#### [Exercise details]
Nothing but the records, transcribed verbatim and stripped of images, should appear in the answer.

#### [Supplied material]

[Start of section]

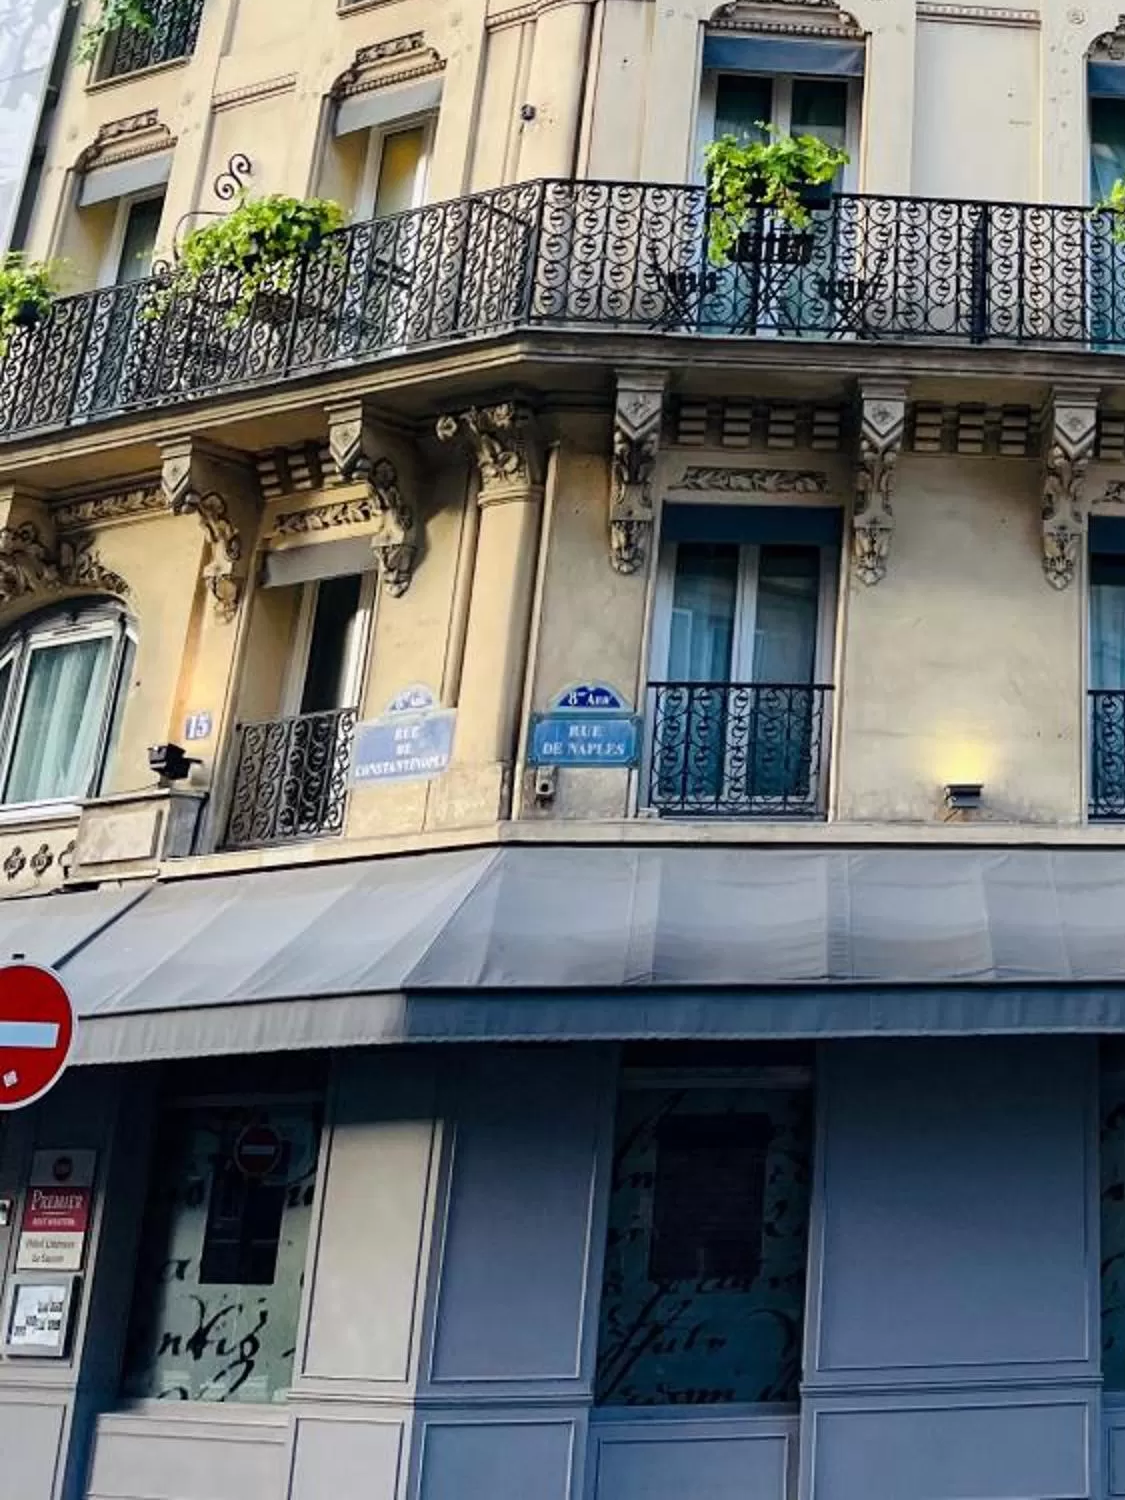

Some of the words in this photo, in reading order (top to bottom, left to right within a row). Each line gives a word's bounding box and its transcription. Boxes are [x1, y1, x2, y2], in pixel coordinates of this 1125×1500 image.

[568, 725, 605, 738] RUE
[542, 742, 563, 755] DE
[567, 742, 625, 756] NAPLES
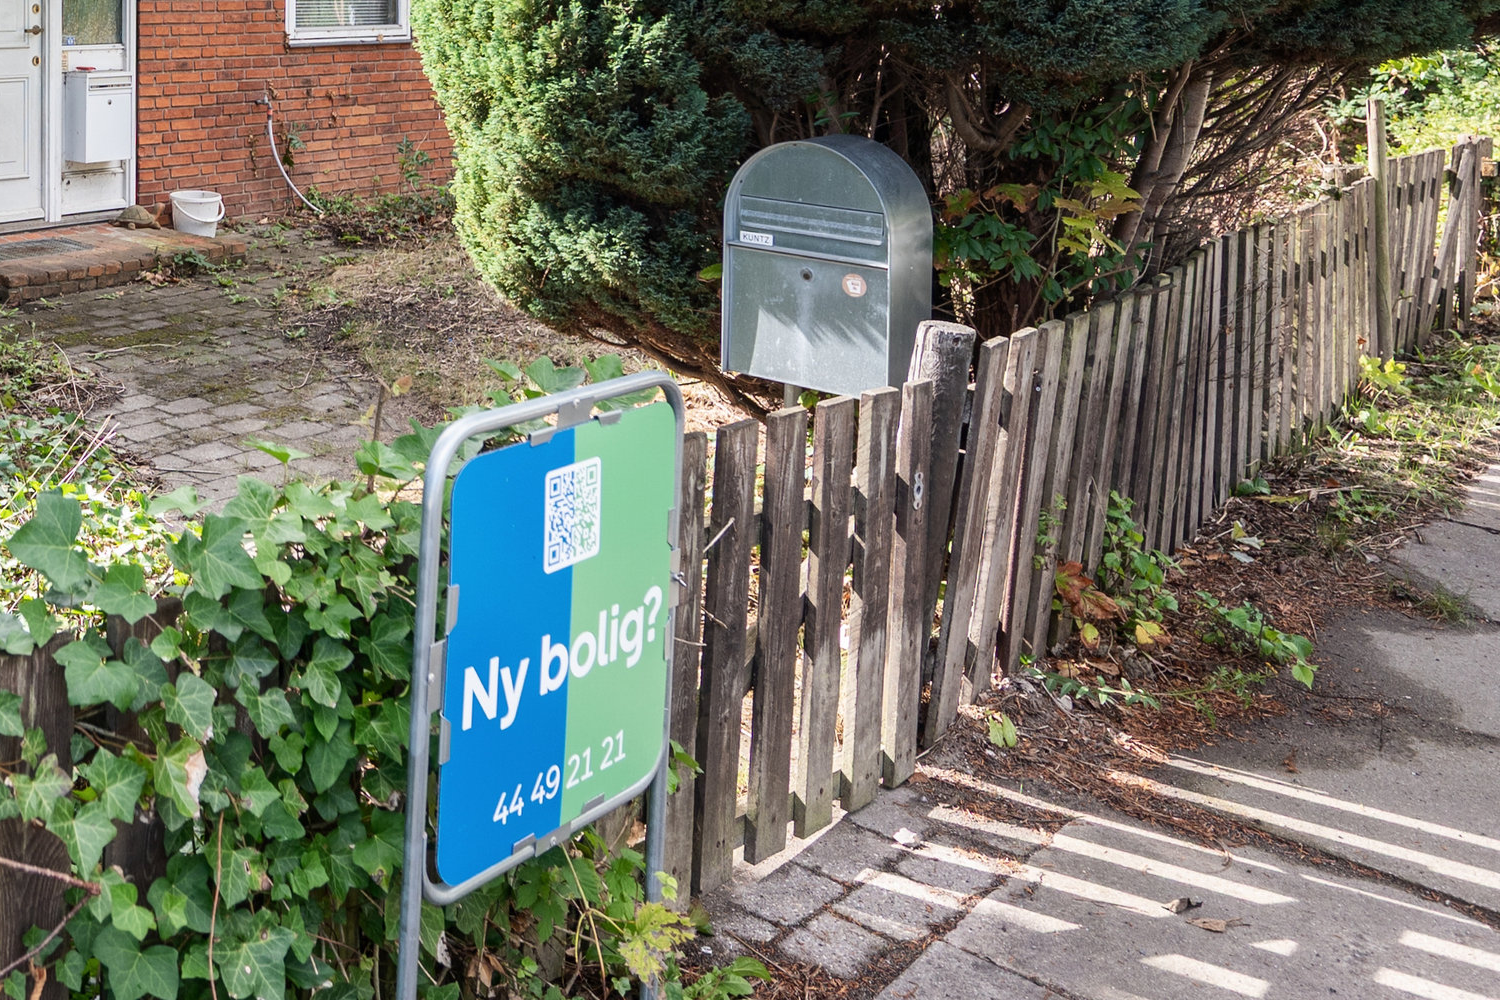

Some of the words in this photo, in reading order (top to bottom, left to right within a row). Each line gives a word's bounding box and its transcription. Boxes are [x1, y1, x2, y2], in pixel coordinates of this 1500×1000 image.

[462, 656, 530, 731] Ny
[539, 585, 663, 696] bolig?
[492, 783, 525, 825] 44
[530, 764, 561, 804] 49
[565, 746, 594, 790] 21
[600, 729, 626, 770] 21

[End of section]

#### [Written reply]
Some of the words in this photo, in reading order (top to bottom, left to right within a row). Each line gives a word's bounding box and its transcription. Boxes are [x1, y1, x2, y2], in pixel coordinates of this 1125×1500 image.

[568, 725, 605, 738] RUE
[542, 742, 563, 755] DE
[567, 742, 625, 756] NAPLES

Some of the words in this photo, in reading order (top to bottom, left to right within a row). Each line gives a word's bounding box and its transcription. Boxes are [x1, y1, x2, y2], in pixel coordinates of this 1500×1000 image.

[462, 656, 530, 731] Ny
[539, 585, 663, 696] bolig?
[492, 783, 525, 825] 44
[530, 764, 561, 804] 49
[565, 746, 594, 790] 21
[600, 729, 626, 770] 21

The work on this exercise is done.